EXERCISE.
In the material below, which lines hold the word "SOUTH"? Pick each one out.

*** Begin section ***

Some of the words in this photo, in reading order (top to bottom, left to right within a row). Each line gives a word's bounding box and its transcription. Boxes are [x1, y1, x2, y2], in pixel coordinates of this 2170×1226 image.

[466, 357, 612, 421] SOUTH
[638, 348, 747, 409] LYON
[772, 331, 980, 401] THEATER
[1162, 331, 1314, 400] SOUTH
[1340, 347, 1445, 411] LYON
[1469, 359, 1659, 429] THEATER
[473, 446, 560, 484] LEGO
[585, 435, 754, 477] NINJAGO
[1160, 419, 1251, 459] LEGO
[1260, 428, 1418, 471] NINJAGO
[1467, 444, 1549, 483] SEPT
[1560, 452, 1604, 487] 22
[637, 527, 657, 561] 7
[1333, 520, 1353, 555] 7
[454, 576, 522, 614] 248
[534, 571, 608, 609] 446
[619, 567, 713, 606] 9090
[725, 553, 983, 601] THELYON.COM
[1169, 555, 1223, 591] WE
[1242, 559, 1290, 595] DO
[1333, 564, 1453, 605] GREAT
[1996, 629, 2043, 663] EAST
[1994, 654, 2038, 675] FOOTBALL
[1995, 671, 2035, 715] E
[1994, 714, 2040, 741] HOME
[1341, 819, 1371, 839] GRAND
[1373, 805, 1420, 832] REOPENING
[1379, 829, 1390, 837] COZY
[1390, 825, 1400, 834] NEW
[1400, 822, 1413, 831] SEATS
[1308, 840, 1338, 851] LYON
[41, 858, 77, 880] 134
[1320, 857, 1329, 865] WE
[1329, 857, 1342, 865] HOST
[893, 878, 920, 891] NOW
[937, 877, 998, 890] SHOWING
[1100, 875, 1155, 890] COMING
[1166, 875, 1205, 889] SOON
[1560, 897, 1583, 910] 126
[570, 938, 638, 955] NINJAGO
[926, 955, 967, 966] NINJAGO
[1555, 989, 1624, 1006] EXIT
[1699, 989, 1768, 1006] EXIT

*** End section ***

EXERCISE RESPONSE.
[466, 357, 612, 421] SOUTH
[1162, 331, 1314, 400] SOUTH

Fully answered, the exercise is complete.